The book is more than an account of the severe difficulties experienced and to be experienced by those living nearest to poverty. It demonstrates many efforts being made to cope with the changes and build resilience for what is yet to come. Heartening examples are provided from diverse areas: changing crops in Nepal, establishing sustainable agricultural practices and empowering small farmers in the Philippines, pooling resources and sharing technological information with farming neighbours in Kenya, rural communities joining to increase the productivity of their farms in west Honduras, and so on through many localities in many countries.  The book is clear that local engagement and cooperation is the key factor, with NGO and other assistance delivered through community engagement.

But no adaptive strategies lessen the need for a drastic lowering of carbon emissions by the industrialised nations. Reid emphasises the need for wealthy countries to make plans to implement cuts is emissions of greenhouse gases of between 60 and 80 per cent by 2050.  She also points to the moral and ethical obligations those nations have to help vulnerable nations and people deal with the consequences of climate change.

In her final section she challenges the notion that development is dependent on global economic growth, describing it as a major driver of the destruction of the natural environment.

“It is as if we hope that by turning natural capital into financial capital we can somehow disengage ourselves from our dependence on the natural environment and the ecological limits of our world. In climate change we find evidence that this approach is misguided, myopic and unsustainable.”

She invites contributions from four “world-leading thinkers”, development practitioners from poorer countries, to suggest new models for human development in a climate-change-constrained world. Their ideas give considerable substance to the book’s closing chapter. Local communities figure strongly in much of the thinking they articulate.

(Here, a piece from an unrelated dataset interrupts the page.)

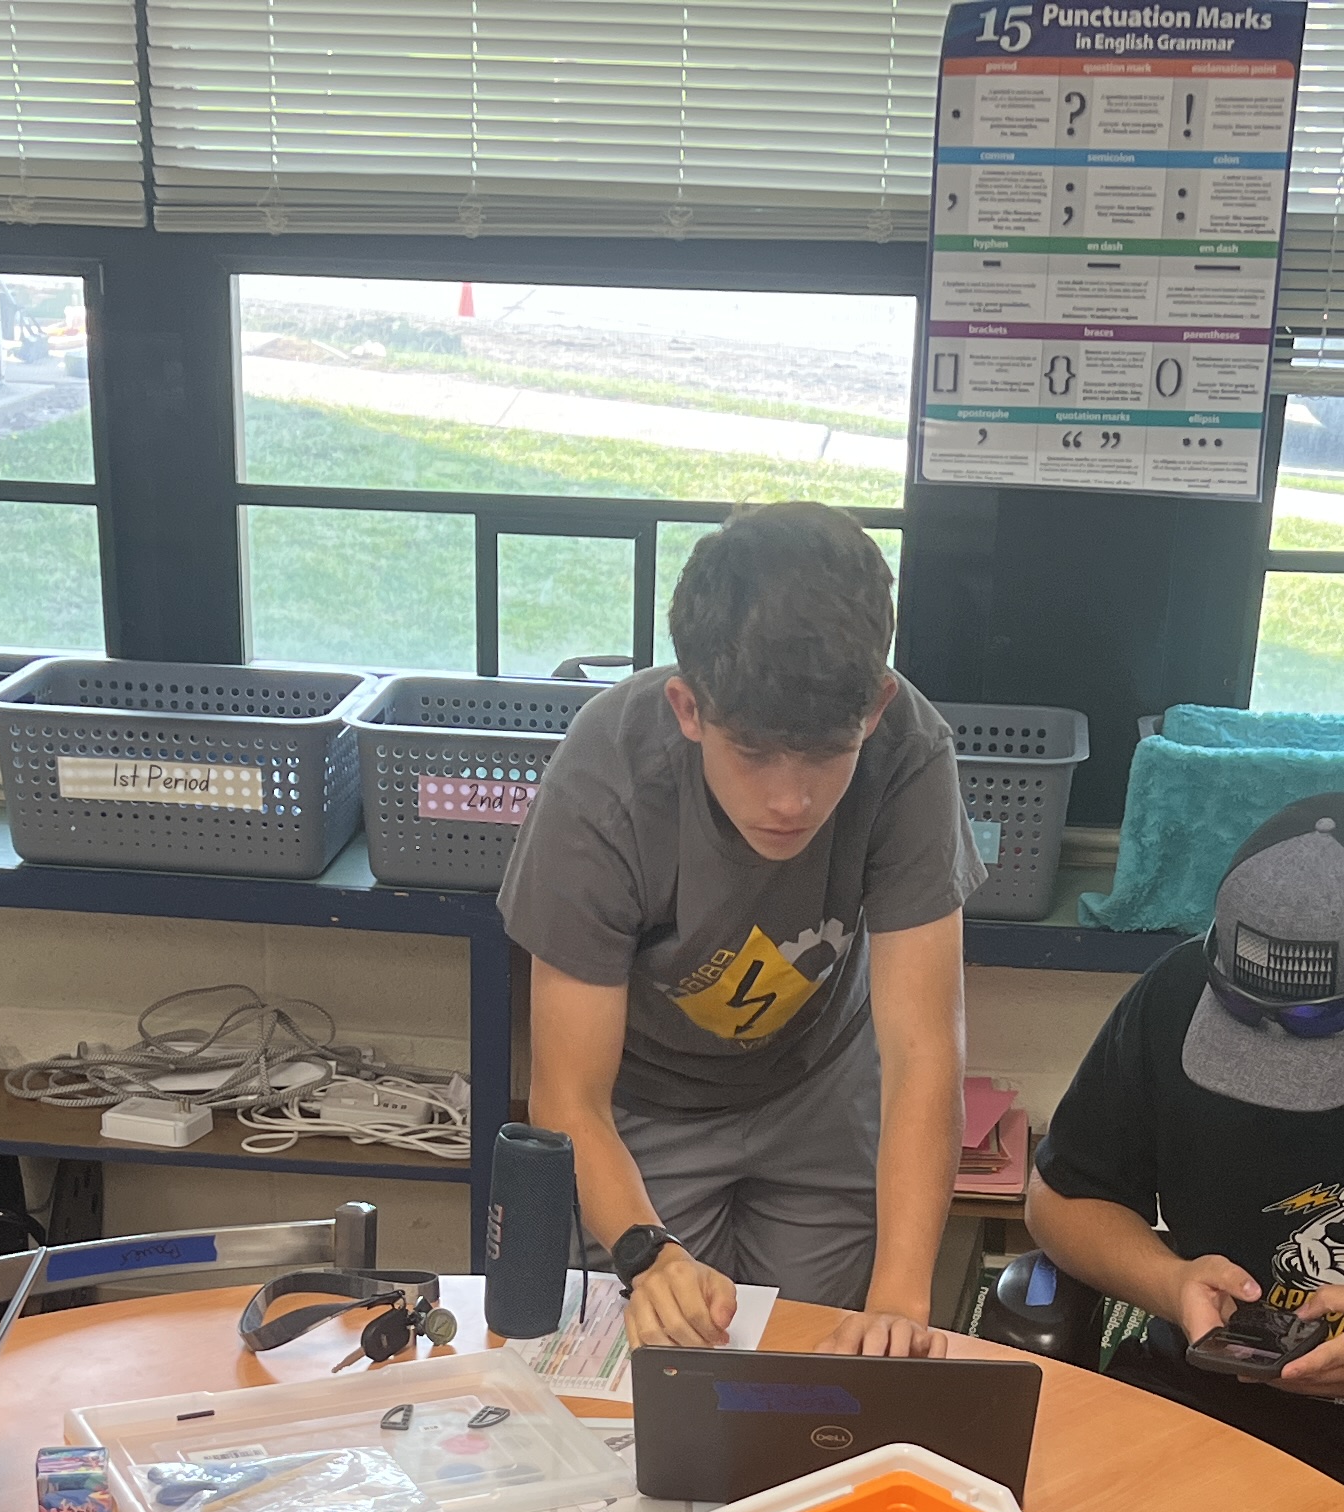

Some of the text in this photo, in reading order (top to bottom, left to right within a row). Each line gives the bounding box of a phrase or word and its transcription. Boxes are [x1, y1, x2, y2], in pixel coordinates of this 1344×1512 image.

Earnest and well-intentioned books like this are important, even though they are likely to be little regarded by those who wield power in the wealthy world. The NGO world which the author represents is a better custodian of the values which civilisation is meant to embody than many of the companies and accomplice politicians who continue heedless of the human consequences of the continued use of fossil fuel. The sanity and decency the book exemplifies has intrinsic worth, whether or not it prevails against the unreason and greed which currently holds sway.